Influenza, è arrivato il picco: colpiti 15mila umbri in 7 giorni. Anziani “salvi” grazie al vaccino

Circa 15mila umbri colpiti dall’influenza stagionale in sette giorni: il picco del virus è arrivato nella seconda settimana di gennaio, quando nella regione c’è stato un netto aumento dei casi. Nel periodo dall’8 al 14 gennaio, infatti, l’incidenza media è passata a 17,1 casi per mille assistiti, contro i 13,4 della settimana precedente, che significa una differenza di circa 3mila persone. Dai dati emerge che la fascia d’età più colpita è quella dei bambini sotto i 5 anni, poi ci sono i ragazzi fra 5 e 14 anni, quindi la fascia tra 15 e 64 anni, mentre i meno colpiti sono gli anziani, salvi grazie al vaccino antinfluenzale somministrato a tappeto nei mesi precedenti.

“Il dato relativo gli anziani è molto positivo – evidenzia l’assessore regionale alla Sanità, Luca Barberini –: la scarsa incidenza dell’influenza è legata all’alta percentuale della copertura vaccinale, assicurata grazie alle campagne di sensibilizzazione attivate dalla Regione e all’accordo siglato con i medici di medicina generale per agevolare la somministrazione dei vaccini.
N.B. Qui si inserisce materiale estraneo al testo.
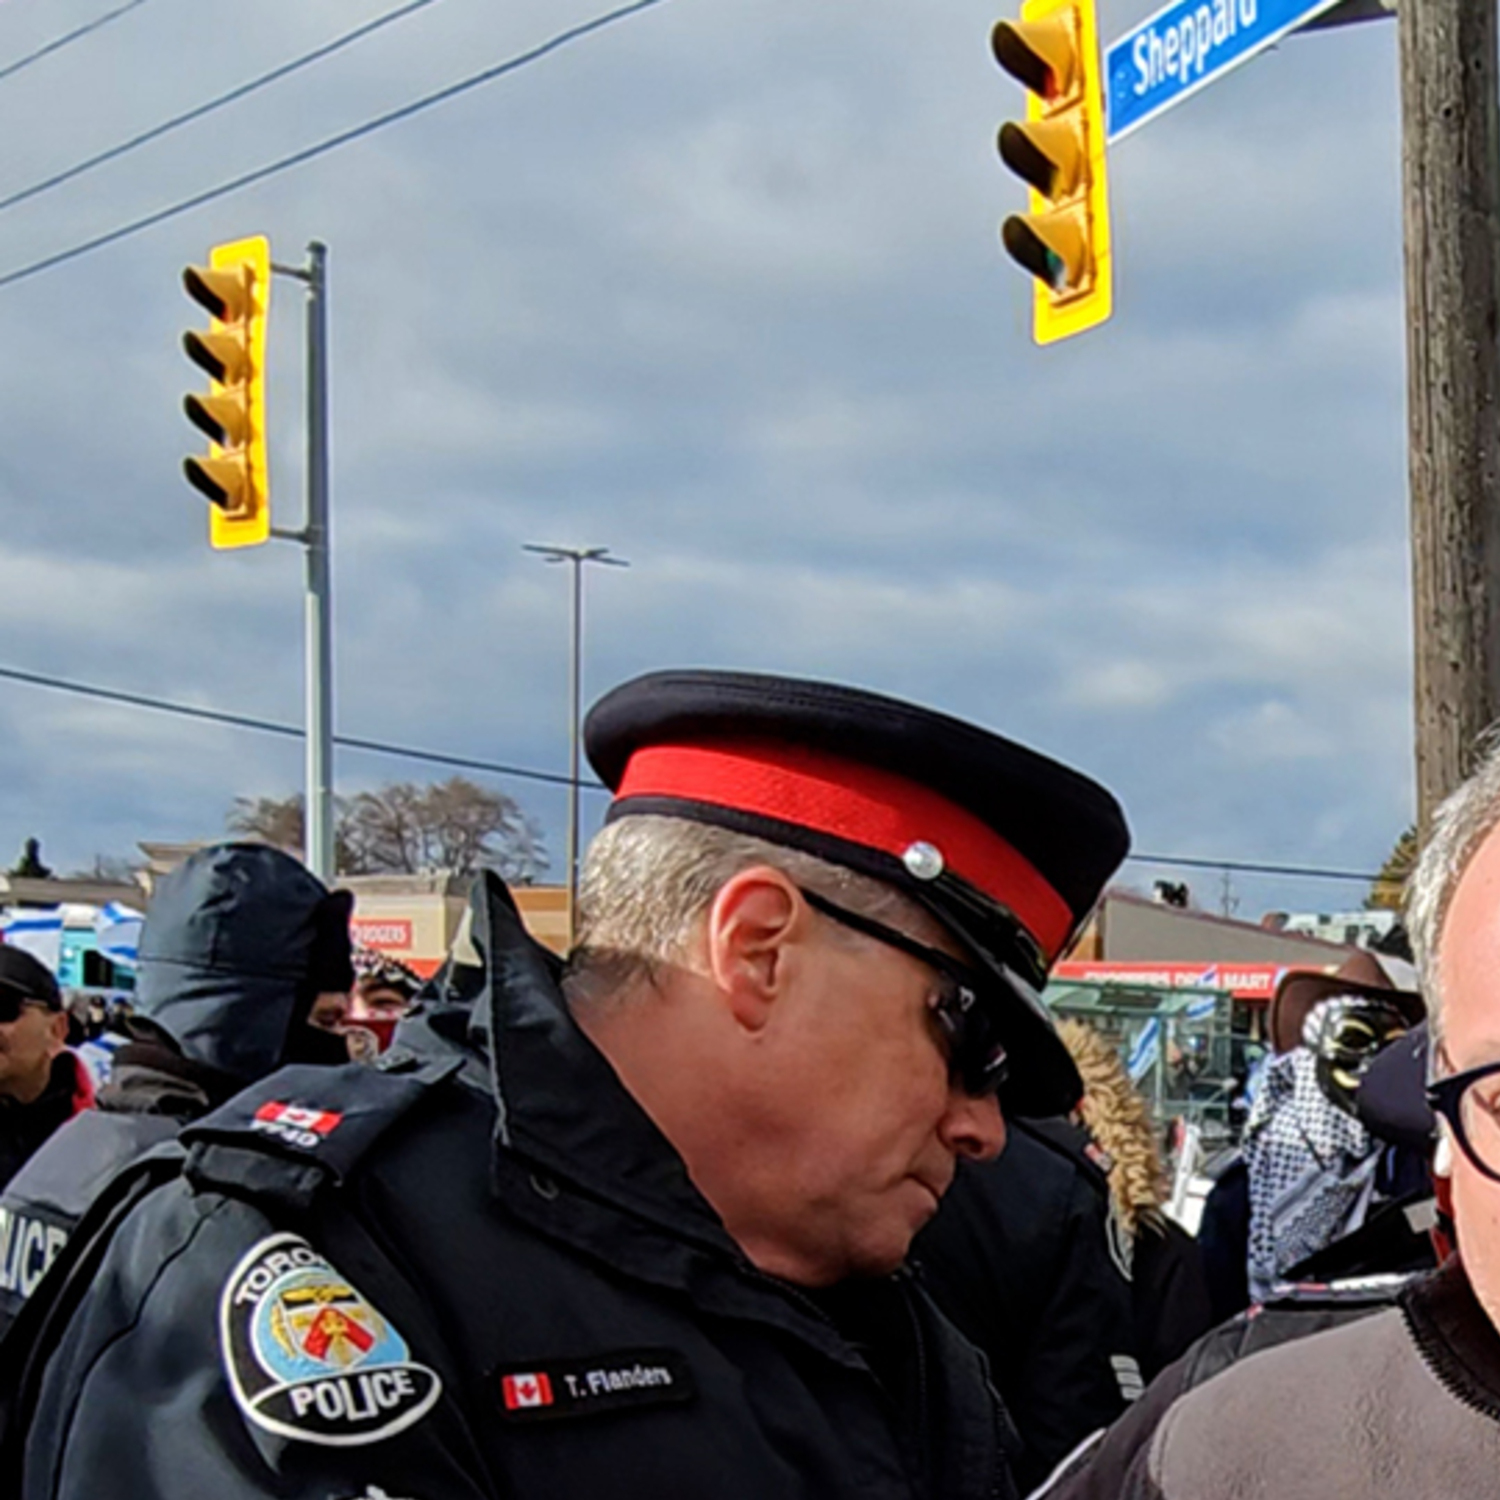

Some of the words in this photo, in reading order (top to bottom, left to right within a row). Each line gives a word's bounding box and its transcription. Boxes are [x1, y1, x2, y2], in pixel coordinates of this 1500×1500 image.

L’Umbria, ad oggi, è la regione italiana con la maggiore copertura vaccinale nella categoria degli ultra 65enni, con un trend in continuo aumento. Si è infatti passati dal 61,8 per cento della stagione 2014/2015 al 62,8 di quella successiva, per arrivare al 63,1 per cento della stagione 2016-2017, il miglior dato in assoluto al livello nazionale, considerando che la media italiana si ferma 52 per cento”.

Riguardo la portata generale dell’influenza, Barberini spiega che “quest’anno è molto diffusa e aggressiva: è dal 2004 che non si registrava un’incidenza così alta di casi. Malgrado ciò e il raggiungimento del cosiddetto picco, che ha determinato un notevole aumento degli accessi nei pronto soccorso e della percentuale dei ricoveri negli ospedali per i casi più difficili, il sistema sanitario regionale sta tenendo bene pur con qualche comprensibile criticità”.

“Per gestire al meglio la situazione – sottolinea l’assessore – e ridurre al massimo le difficoltà per i cittadini nei vari presidi ospedalieri sono stati potenziati i turni del personale medico e infermieristico e previsti diversi posti letto in più. Sono stati inoltre rafforzati i servizi territoriali, con la collaborazione dei medici di medicina generale e della continuità assistenziale”.